NUOVA‘MISSION’ LA MUSICA DI STEFFANI INVIATO VATICANO


I Barocchisti diretti da Diego Fasolis (molto bravi, per inciso) attaccano furibondi il ritornello di «Schiere invitte» dalla sconosciuta opera Alarico il Baltha, cioè L’audace re de’ Gothi , nientemeno. Dal fondo del salone tutto stucchi del castello di Schleissheim, smodato palagio similVersailles dei Wittelsbach bavaresi, arriva lei che prima agita giuliva il tamburello e poi si scatena in un diluvio di colorature a velocità supersonica. E per tre quarti d’ora dà spettacolo alternando ipnotici lamenti tenuti su un filo di voce che si piega ma non si spezza a spettacolari sfide con la tromba solista, come già il collega Farinelli in una celebre occasione. E poi: comparsata del controtenore star Philippe Jaroussky per un morbido duetto d’amore, cena nel parco dello Schloss per un pubblico di happy few (segnalati giornalisti in arrivo fin dall’Australia) e fuochi d’artificio perfettamente sincronizzati sulla sua voce che gorgheggia «Suoni, tuoni, il suolo scuota» dall’ancor più sconosciuto Arminio. Gran finale con lei che dà la prima spillata a una gran botte di birra. Prosit.

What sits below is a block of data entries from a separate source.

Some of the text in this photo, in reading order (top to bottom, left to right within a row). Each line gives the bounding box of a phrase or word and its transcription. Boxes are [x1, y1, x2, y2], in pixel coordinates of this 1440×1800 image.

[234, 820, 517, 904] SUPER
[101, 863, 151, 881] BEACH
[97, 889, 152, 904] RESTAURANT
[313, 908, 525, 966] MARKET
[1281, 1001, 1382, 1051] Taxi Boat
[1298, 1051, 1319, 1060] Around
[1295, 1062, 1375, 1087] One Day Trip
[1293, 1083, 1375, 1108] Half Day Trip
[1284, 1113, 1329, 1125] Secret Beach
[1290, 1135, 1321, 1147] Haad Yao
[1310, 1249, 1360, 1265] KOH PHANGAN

«Lei» è naturalmente la popstar classica Cecilia Bartoli, piaccia o non piaccia la cantante d’opera più famosa del mondo e in ogni caso quella che ancora vende come ai bei tempi del disco. Ne ha già smerciati dieci milioni, quindi il lancio del suo nuovo album diventa un evento planetario molto semplicemente perché lo è. E la Bartoli vende, attenzione, non con il crossover o le bocellate, ma con Vivaldi o Salieri, dei Gluck minori o dei barocchi minimi.

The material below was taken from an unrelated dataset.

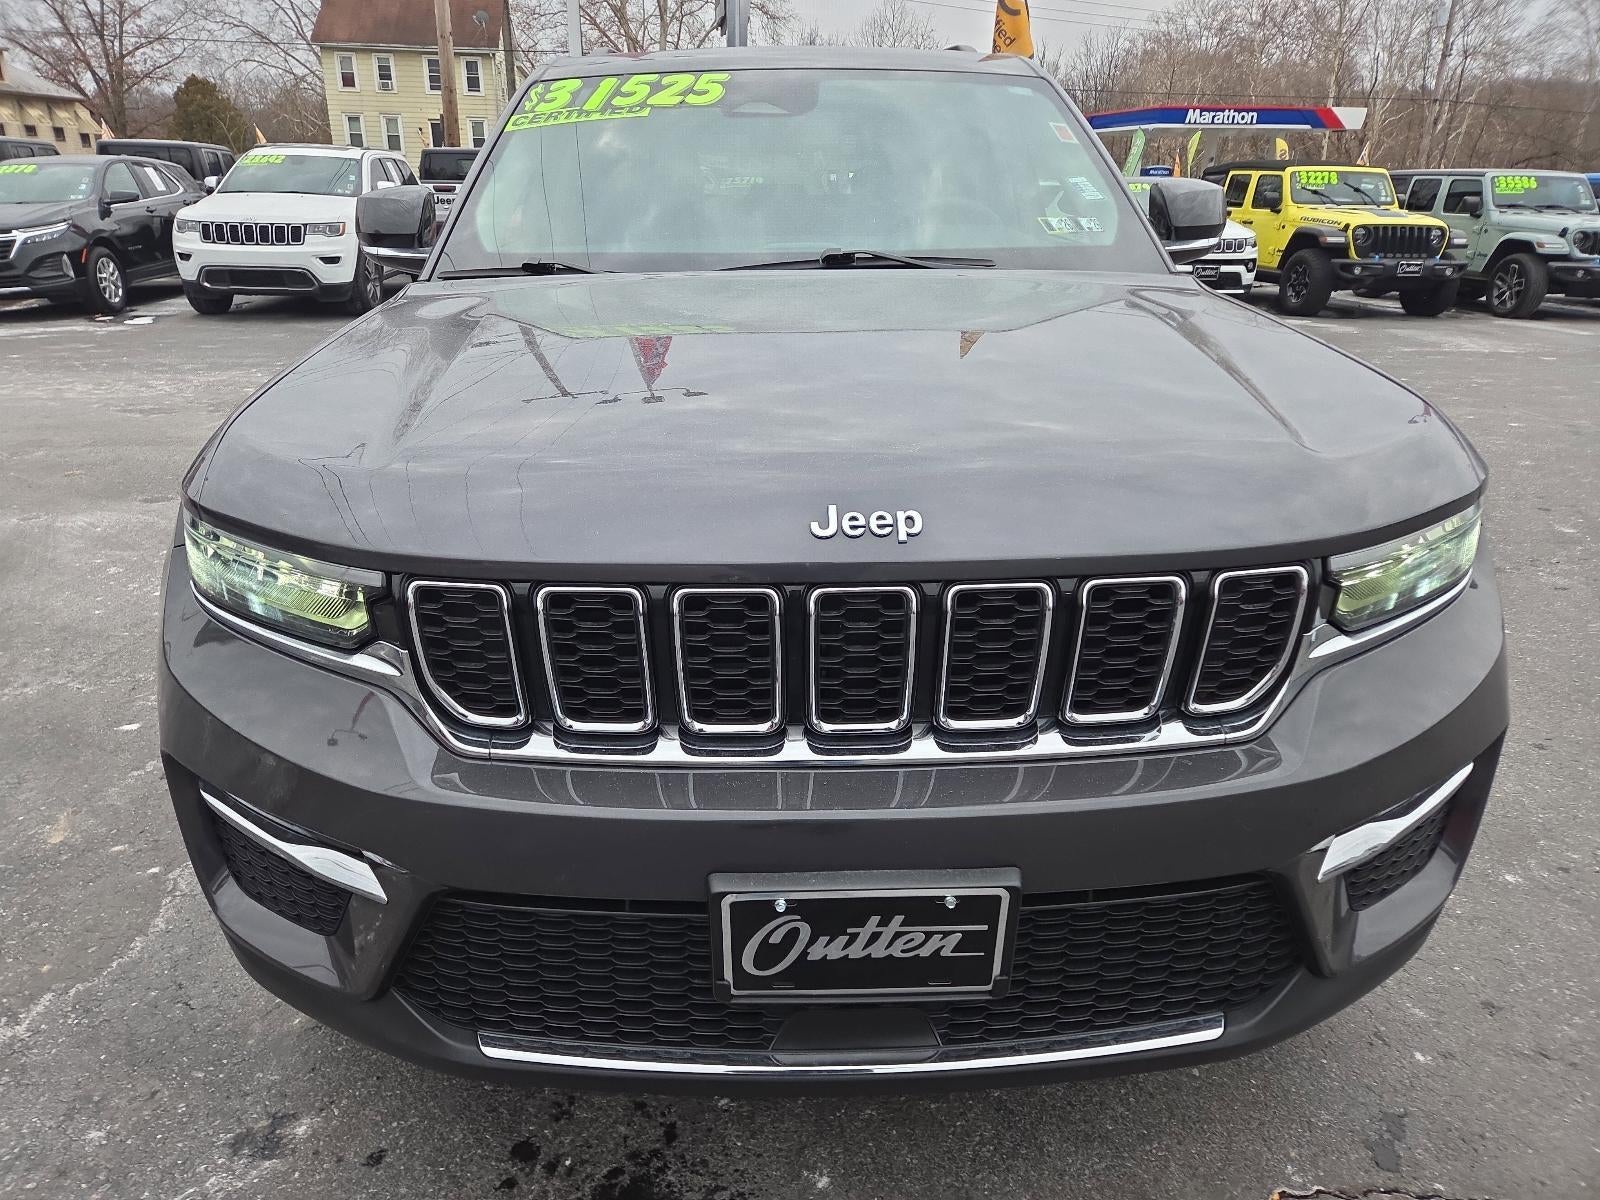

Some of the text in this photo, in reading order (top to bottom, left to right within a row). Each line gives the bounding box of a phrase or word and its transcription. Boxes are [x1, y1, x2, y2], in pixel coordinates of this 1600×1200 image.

Una grande storia italiana
Questa volta tocca ad Agostino Steffani (1654-1728), un curioso personaggio di cui si sa poco. Ma quel poco è assai ghiotto: puer cantore nel Veneto natìo, forse castrato, poi operista di successo in Germania ma anche diplomatico per la Santa Sede, vescovo in partibus, nunzio apostolico nelle corti protestanti del Nord, probabilmente anche spia, certamente intrigante, insomma perfetto per un cameo in un libretto di Hofmannsthal. Per la Bartoli, diva sì, ma studiosissima, «un genio ritrovato, che anticipa Händel e per molti aspetti lo ricorda». Forse è troppo, ma in ogni caso quella di Steffani è una bella riscoperta, a patto beninteso di cantarlo come fa lei, giocando con la musica, divertendo e divertendosi.

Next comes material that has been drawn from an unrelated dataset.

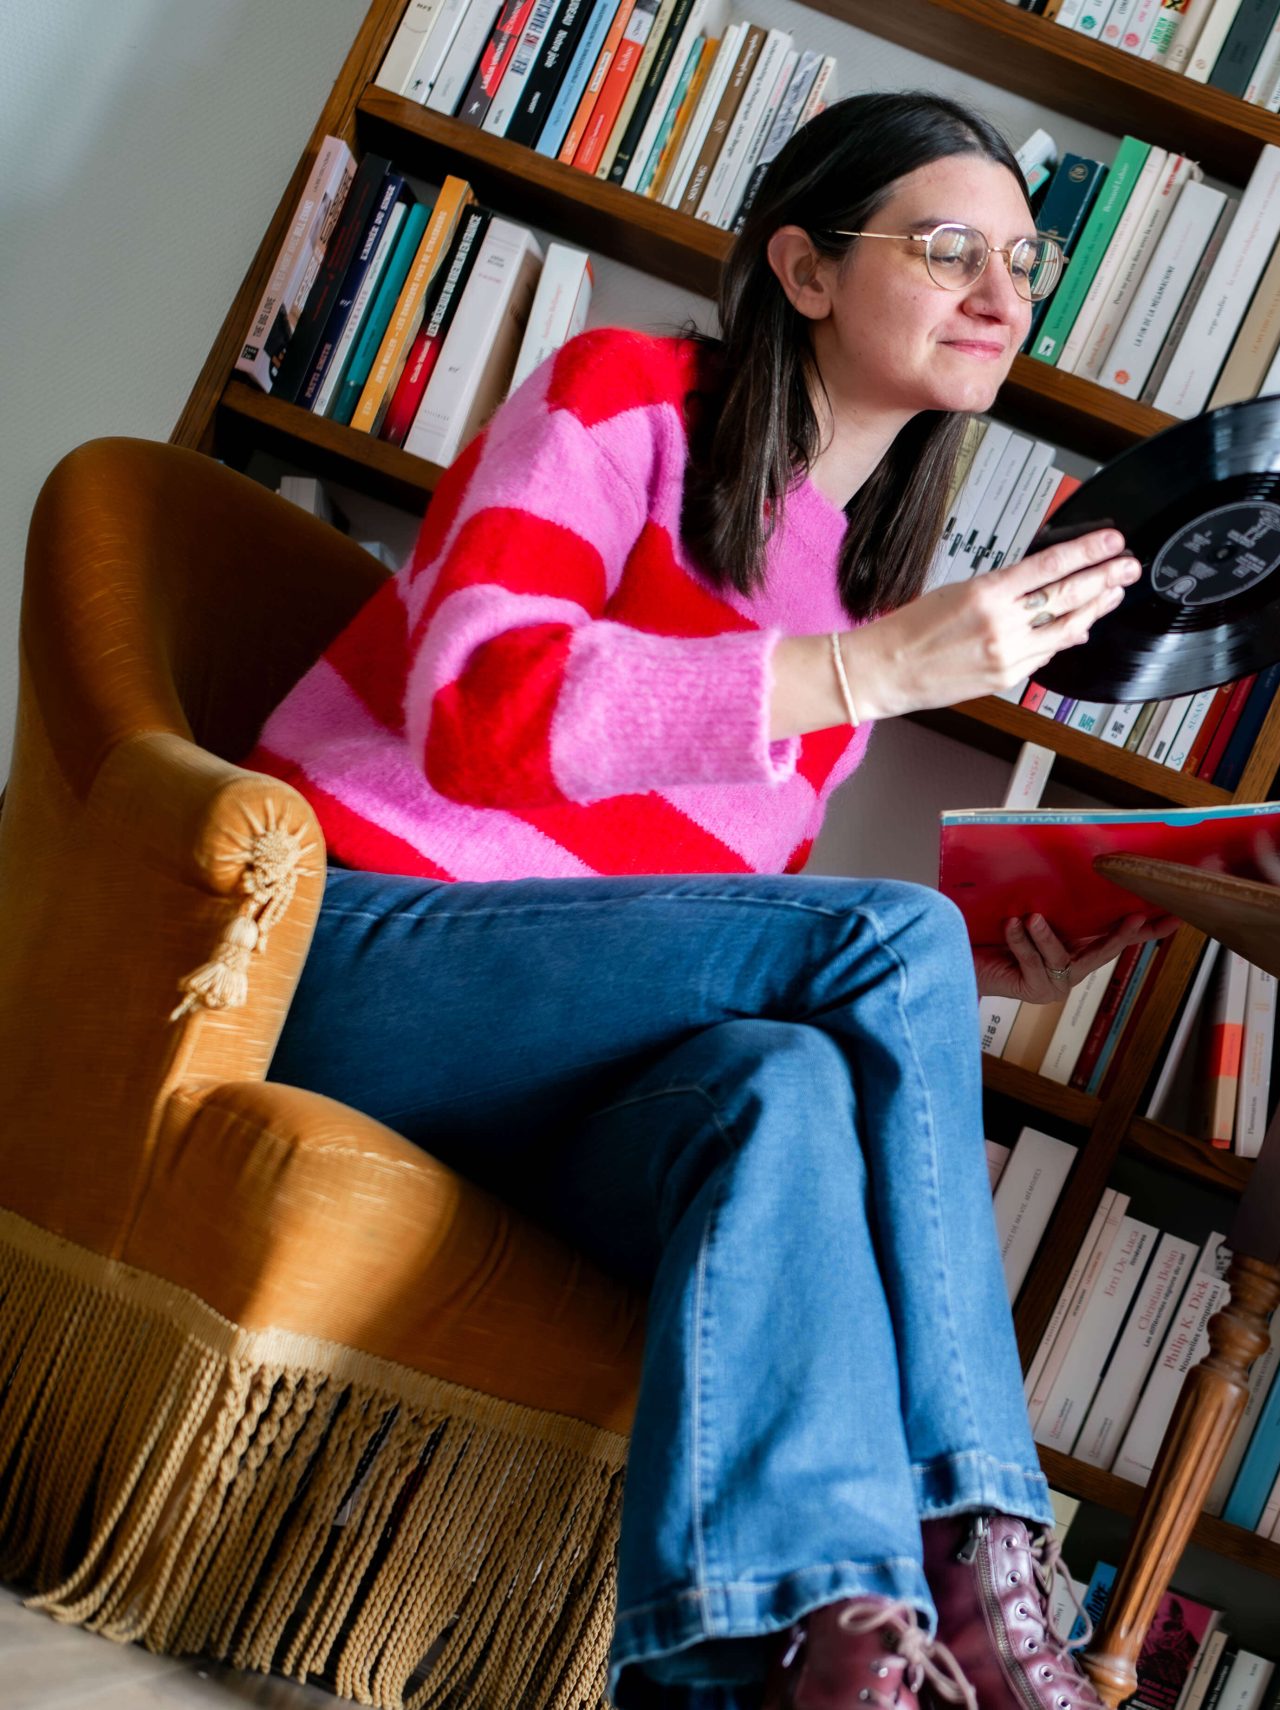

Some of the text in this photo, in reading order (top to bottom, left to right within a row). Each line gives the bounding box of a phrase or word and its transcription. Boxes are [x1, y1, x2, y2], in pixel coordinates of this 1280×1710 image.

Il resto è marketing. Per l’album, intitolato Mission , tutto è stato studiato nei minimi particolari. Le foto ritraggono una Bartoli-Steffani in versione vescovo, sulla cover addirittura calva mentre brandisce un crocifisso, fra padre Amorth e L’esorcista . «Non potevo certo fare una copertina modello Vanity Fair , con un sorriso da Pepsodent - chiosa lei -. Steffani scriveva musica, ma era anche un inviato speciale del Vaticano, in missione fra religione e diplomazia. La sua è una grande storia italiana».

E’ stata messa all’opera anche Donna Leon, autrice di bestseller gialli, appassionata e mecenate di barocco musicale, americana con residenza a Venezia ma che vieta tassativamente di tradurre i suoi libri in Italia: ufficialmente, dice lei, per continuare a viverci tranquilla; ufficiosamente, sospettiamo noi, perché l’Italia che racconta è una spremuta di stereotipi da far impallidire l’ultimo Woody Allen. La signora Leon ha scritto un romanzo appositamente per il disco dell’«amica Cecilia», titolo I gioielli del paradiso .

E ora La Scala
La Bartoli, intanto, una ne fa e cento ne pensa. Da quando è succeduta a Riccardo Muti come direttrice artistica del Festival di Pentecoste a Salisburgo ha raddoppiato le vendite di biglietti («Ma il lavoro fatto da Muti è stato coraggioso») e il prossimo 17 maggio ci canterà Norma , per la prima volta in forma scenica . «Con tutto il rispetto per la tradizione e le grandi artiste che l’hanno incarnata proclama -, nella versione originale di Bellini». Però sa, signora, che il teatro d’opera è come la Chiesa cattolica: non fanno testo solo le sacre scritture, cioè il libretto e la partitura, ma anche la tradizione... «Il mio vangelo è la partitura. E’ più importante quel che Bellini ha scritto di come Bellini è sempre stato eseguito».

E poi, squillino le trombe anche qui, Santa Cecilia torna alla Scala: il 3 dicembre per l’inaugurazione della stagione della Filarmonica, con Barenboim sul podio, subito prima della primina del 4 e della primona del 7. Lei giubila, sempre in modalità monsignore: «Alleluja! Pensi che alla Scala manco da un Don Giovanni con Muti, credo fosse il ‘93. Mi fa piacere perché io adoro l’Italia, è il mio Paese e c’è un pubblico straordinario». Sarà. Però parte del pubblico è straordinariamente convinta che la Bartoli sia magari bravissima, ma si senta poco, insomma abbia poca voce... «Ah, sì? Beh, la Bartoli risponde che è nella botte piccola che c’è il vino buono».